Спросил мужик за стойкой – огромный, просто колоссальный, он встал со стула, оперся кулаками-гирями на поверхность стола и подался вперед, словно навис надо мной. Я как завороженный наблюдал за змеями, ящерицами и витками колючей проволоки, обвивающими его предплечья и уползающими под рукава черной майки.
– Я хочу сделать татуировку, – сказал я.
Он словно шмыгнул носом, втянул воздух, поморщился. Склонил голову набок.
– Тебе сколько лет?
– Тридцать.
– Да ладно! Кого ты лечишь?
– Мне двадцать девять. Могу паспорт показать.
– Давай.
Я достал паспорт, он долго разглядывал фотографию, меня, снова фотографию.

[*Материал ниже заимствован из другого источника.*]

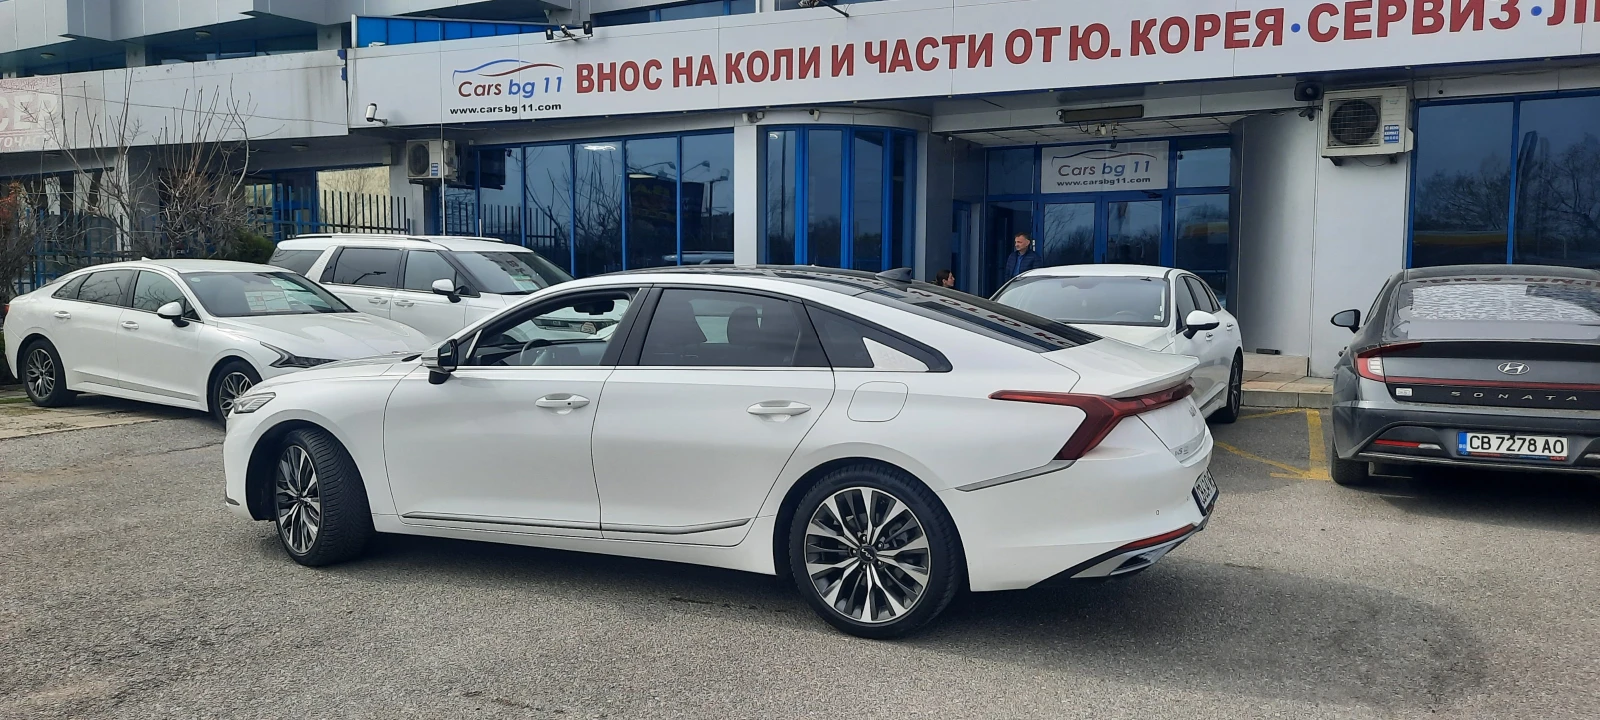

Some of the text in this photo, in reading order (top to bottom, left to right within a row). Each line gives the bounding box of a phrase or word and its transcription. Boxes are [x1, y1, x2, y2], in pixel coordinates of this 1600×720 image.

Вернул паспорт.
– И что ты хочешь набить?
Вот с этим у меня была проблема – я не знал, чего хочу. И если я и хотел чего-то, то – наказать себя, оставить на теле отметину; иными словами – совершить необратимый поступок.
– Какой-нибудь символ, – сказал я и тут же понял, как невероятно глупо это звучит.
– Какой-нибудь символ? – Он улыбнулся.
– Да. – На мгновение я подумал, что было бы забавно набить себе птеродактиля с моноклем, скипетром и державой. В конце концов, я постоянно их рисую, почему бы и нет? Я оглядел стену с образцами и вдруг увидел на ней какие-то иероглифы, и тут меня осенило. – Строчки кода, – сказал я, и эта мысль показалась мне едва ли не гениальной: если набью на своем теле строчки кода, то никогда их не забуду.
Верзила вздохнул, почесал переносицу.
– Слушай, парень. Я ничего тебе не сделаю.
– Что? Почему? Я же показал паспорт. Мне двадцать девять. Правда.
– Я не делаю татуировки людям под веществами. Вещества делают нас импульсивными.
– Но… – Я испуганно смотрел на него. – Я трезв. Я вообще не пью.
– А я не про алкоголь. – Снова склонил голову набок, сморщил нос. – Ты под чем-то другим. – Он постучал пальцем по виску. – Опиаты. Я такое за версту чую. Сначала протрезвей, а потом – милости прошу.
Весь вечер я провел в горячей ванной – несколько раз мыл голову. Потом сходил в магазин за антибактериальным мылом, антиперсперантом, гелем для душа, лосьоном, листерином, мирамистином и туалетной водой. Неужели от меня и правда пахнет морфином? И этот запах можно почуять?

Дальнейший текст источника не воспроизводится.